> **Exercise brief**
Pictures stay out; everything else in the records gets transcribed exactly.

=== Begin Enclosure ===

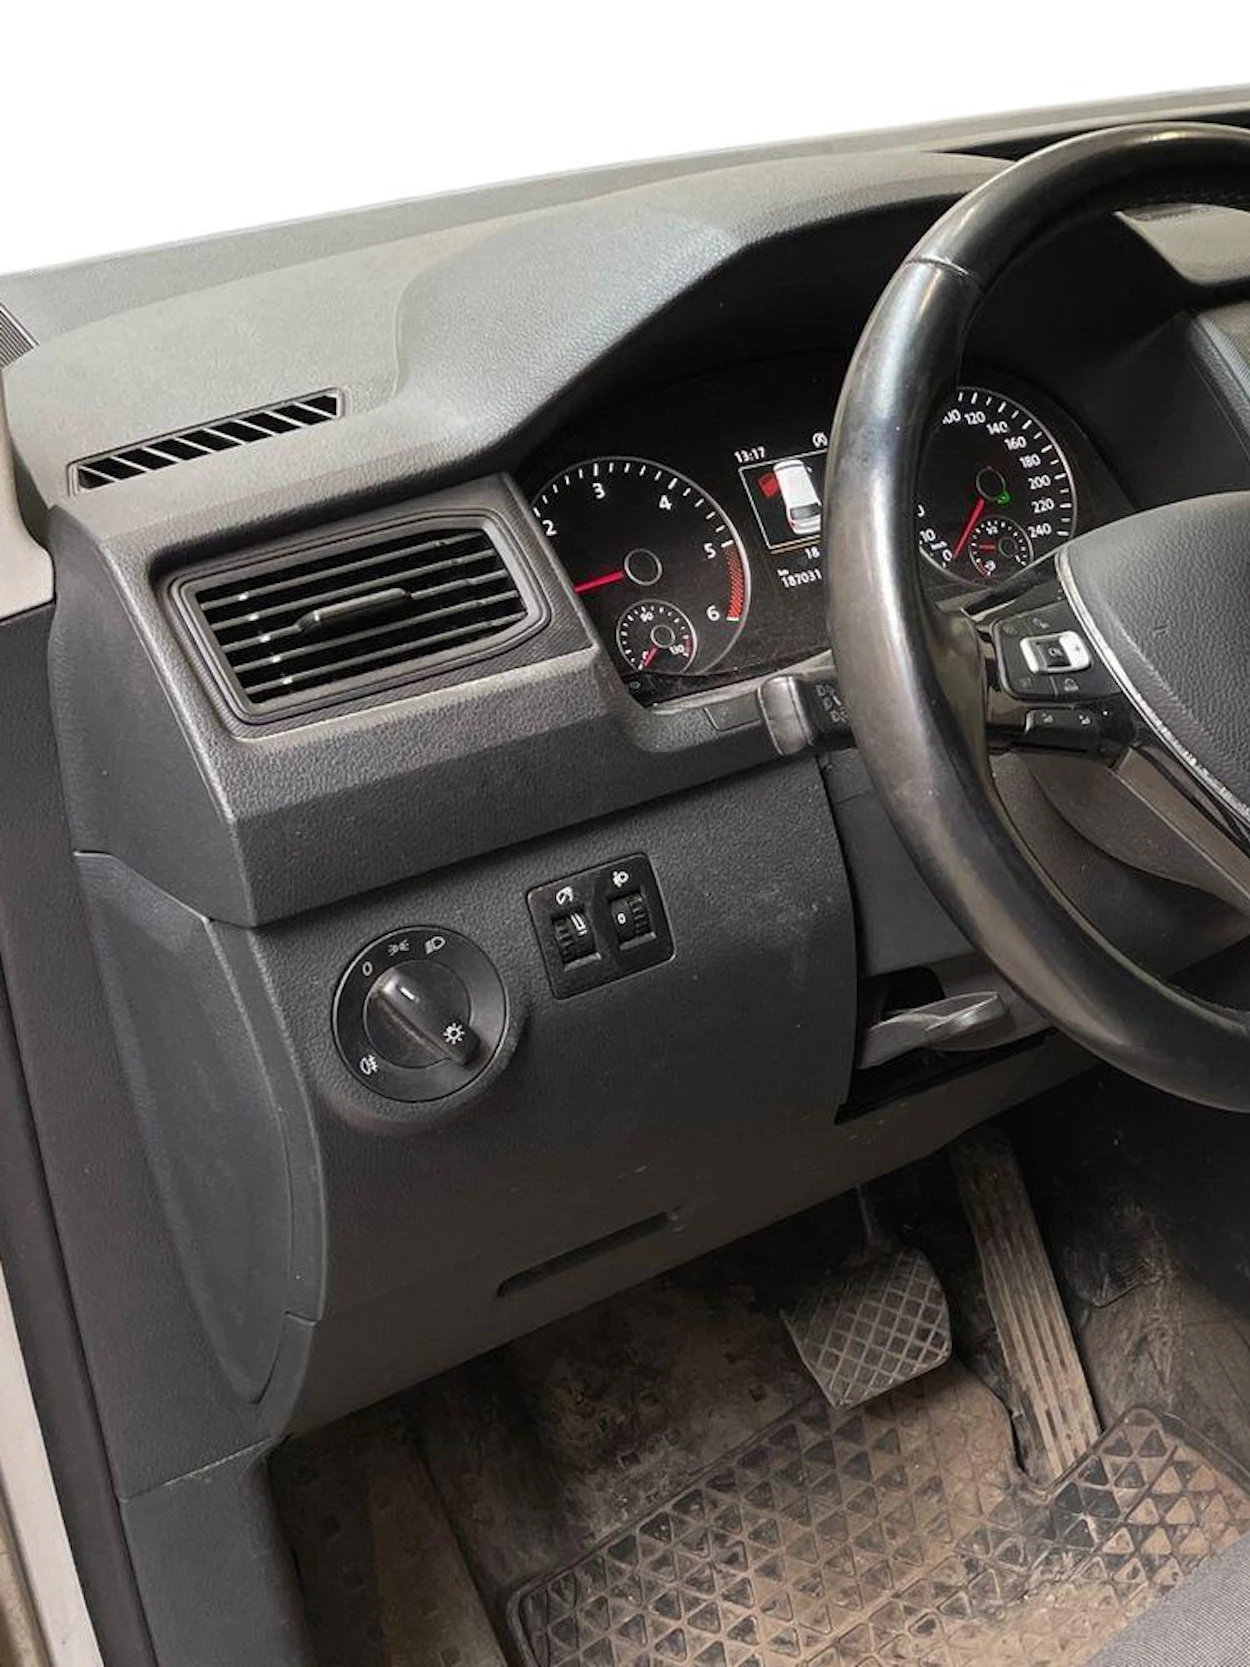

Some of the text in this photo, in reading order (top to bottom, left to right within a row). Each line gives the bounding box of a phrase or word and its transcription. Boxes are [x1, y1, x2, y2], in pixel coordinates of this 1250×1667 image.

[964, 411, 986, 425] 120
[986, 421, 1008, 435] 140
[1004, 436, 1027, 450] 160
[734, 446, 765, 463] 13:17
[1019, 453, 1042, 468] 180
[1028, 475, 1051, 490] 200
[592, 483, 606, 499] 3
[659, 494, 673, 511] 4
[1031, 498, 1055, 513] 220
[542, 519, 557, 536] 2
[920, 528, 936, 542] 10
[1028, 523, 1052, 538] 240
[703, 542, 716, 559] 5
[942, 549, 953, 561] 0
[781, 568, 822, 588] 187031
[706, 605, 720, 621] 6
[362, 960, 373, 976] 0
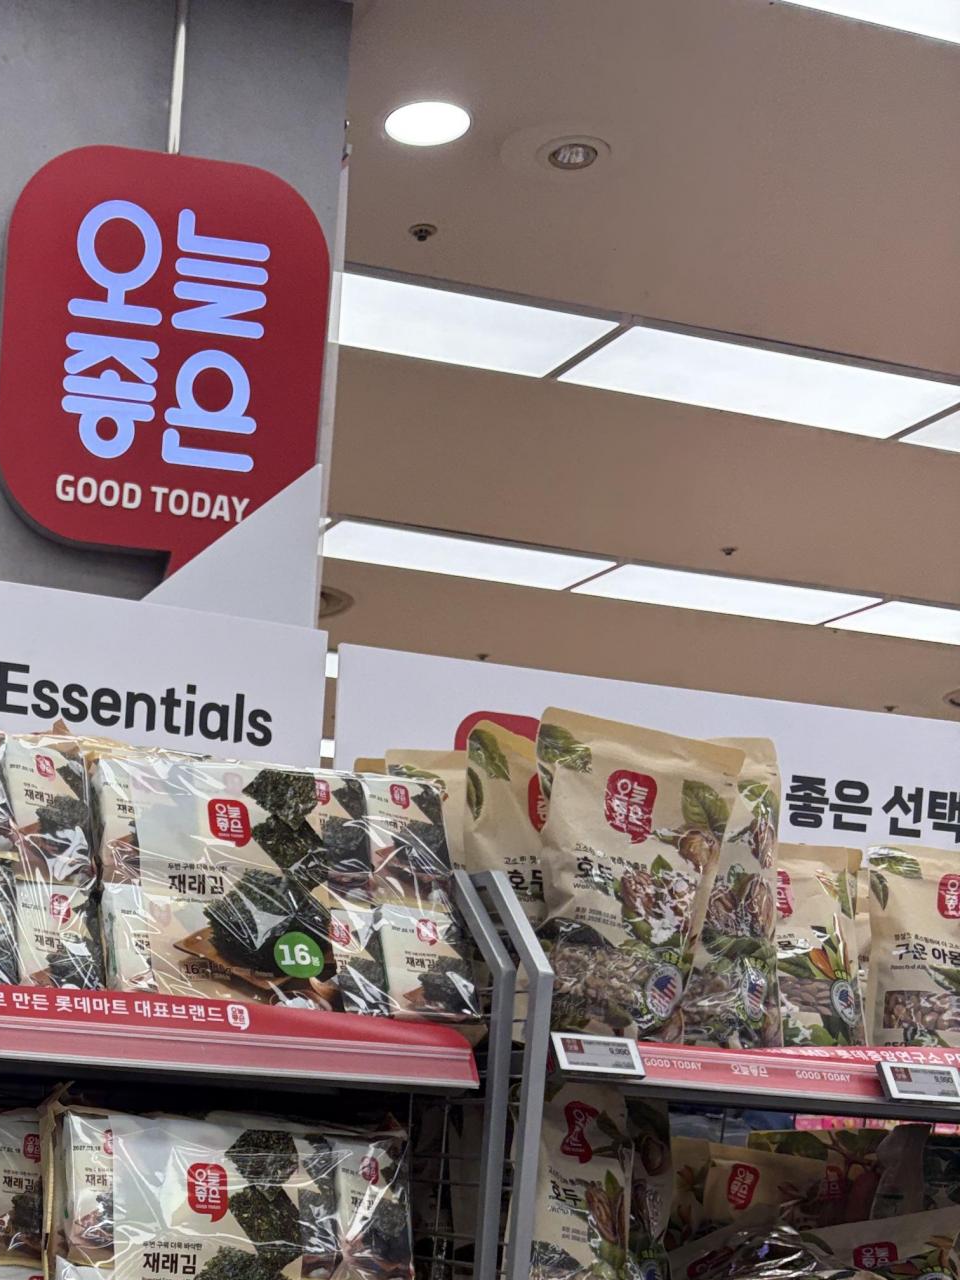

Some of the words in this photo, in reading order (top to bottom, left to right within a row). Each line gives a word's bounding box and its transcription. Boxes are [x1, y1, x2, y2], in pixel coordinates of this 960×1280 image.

[67, 200, 270, 339] 오늘
[61, 331, 257, 473] 좋은
[55, 474, 142, 510] GOOD
[151, 486, 250, 523] TODAY
[616, 779, 649, 805] 오늘
[215, 804, 244, 818] 오늘
[785, 774, 873, 832] 좋은
[882, 785, 960, 843] 선택
[214, 816, 244, 834] 좋은
[168, 875, 225, 895] 재래김
[279, 944, 320, 967] 16봉
[12, 992, 50, 1010] 만든
[54, 995, 129, 1016] 롯데마트
[135, 1000, 225, 1023] 대표브랜드
[644, 1058, 670, 1068] GOOD
[673, 1060, 702, 1071] TODAY
[795, 1070, 820, 1080] GOOD
[822, 1072, 850, 1083] TODAY
[3, 1176, 34, 1191] 재래김
[194, 1169, 221, 1184] 오늘
[194, 1183, 221, 1204] 좋은
[170, 1241, 182, 1250] 더욱
[183, 1242, 202, 1251] 바삭한
[142, 1252, 197, 1275] 재래김
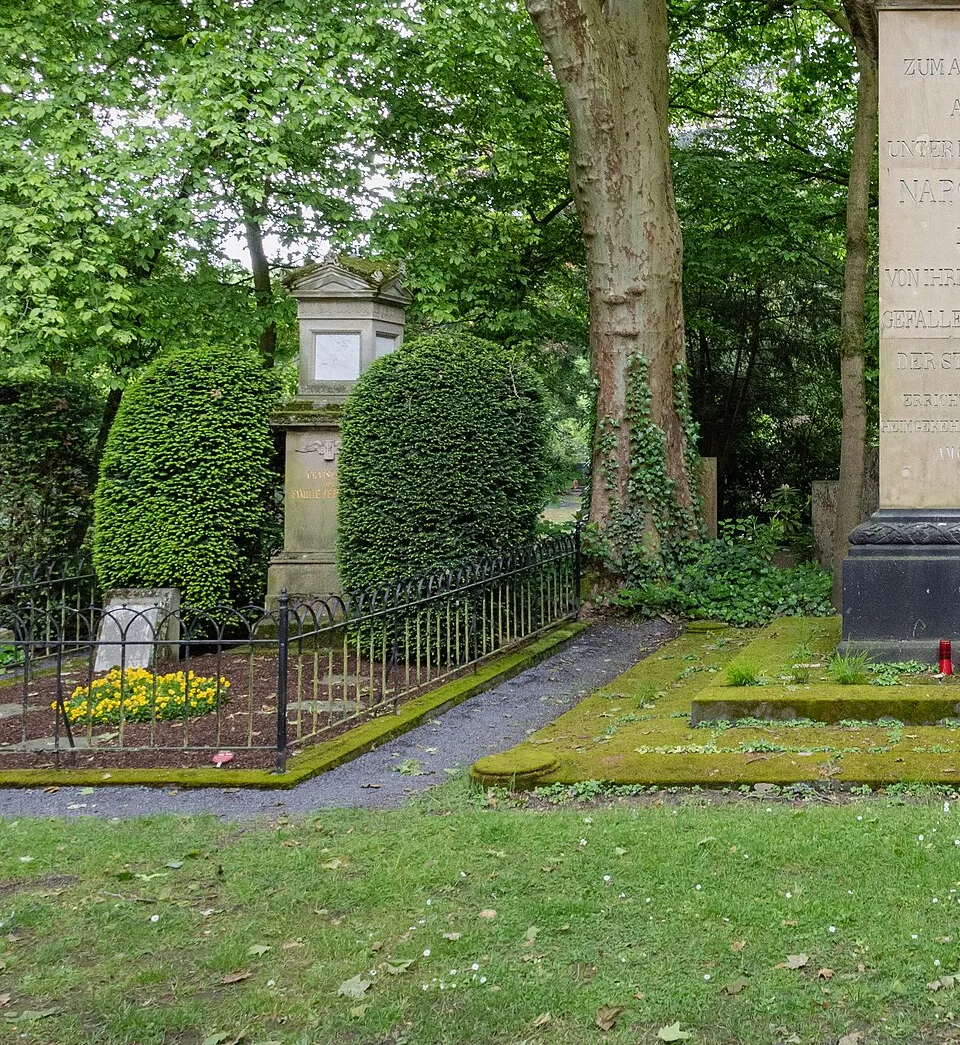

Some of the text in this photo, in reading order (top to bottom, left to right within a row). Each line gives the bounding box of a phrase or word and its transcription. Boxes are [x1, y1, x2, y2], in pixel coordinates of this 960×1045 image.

[904, 58, 944, 76] ZUM
[887, 140, 954, 158] UNTER
[884, 268, 919, 287] VON
[896, 351, 937, 370] DER

=== End Enclosure ===

> **Result for this exercise**
Some of the text in this photo, in reading order (top to bottom, left to right within a row). Each line gives the bounding box of a phrase or word and its transcription. Boxes are [x1, y1, x2, y2], in pixel coordinates of this 1250×1667 image.

[964, 411, 986, 425] 120
[986, 421, 1008, 435] 140
[1004, 436, 1027, 450] 160
[734, 446, 765, 463] 13:17
[1019, 453, 1042, 468] 180
[1028, 475, 1051, 490] 200
[592, 483, 606, 499] 3
[659, 494, 673, 511] 4
[1031, 498, 1055, 513] 220
[542, 519, 557, 536] 2
[920, 528, 936, 542] 10
[1028, 523, 1052, 538] 240
[703, 542, 716, 559] 5
[942, 549, 953, 561] 0
[781, 568, 822, 588] 187031
[706, 605, 720, 621] 6
[362, 960, 373, 976] 0

Some of the words in this photo, in reading order (top to bottom, left to right within a row). Each line gives a word's bounding box and its transcription. Boxes are [x1, y1, x2, y2], in pixel coordinates of this 960×1280 image.

[67, 200, 270, 339] 오늘
[61, 331, 257, 473] 좋은
[55, 474, 142, 510] GOOD
[151, 486, 250, 523] TODAY
[616, 779, 649, 805] 오늘
[215, 804, 244, 818] 오늘
[785, 774, 873, 832] 좋은
[882, 785, 960, 843] 선택
[214, 816, 244, 834] 좋은
[168, 875, 225, 895] 재래김
[279, 944, 320, 967] 16봉
[12, 992, 50, 1010] 만든
[54, 995, 129, 1016] 롯데마트
[135, 1000, 225, 1023] 대표브랜드
[644, 1058, 670, 1068] GOOD
[673, 1060, 702, 1071] TODAY
[795, 1070, 820, 1080] GOOD
[822, 1072, 850, 1083] TODAY
[3, 1176, 34, 1191] 재래김
[194, 1169, 221, 1184] 오늘
[194, 1183, 221, 1204] 좋은
[170, 1241, 182, 1250] 더욱
[183, 1242, 202, 1251] 바삭한
[142, 1252, 197, 1275] 재래김

Some of the text in this photo, in reading order (top to bottom, left to right within a row). Each line gives the bounding box of a phrase or word and its transcription. Boxes are [x1, y1, x2, y2], in pixel coordinates of this 960×1045 image.

[904, 58, 944, 76] ZUM
[887, 140, 954, 158] UNTER
[884, 268, 919, 287] VON
[896, 351, 937, 370] DER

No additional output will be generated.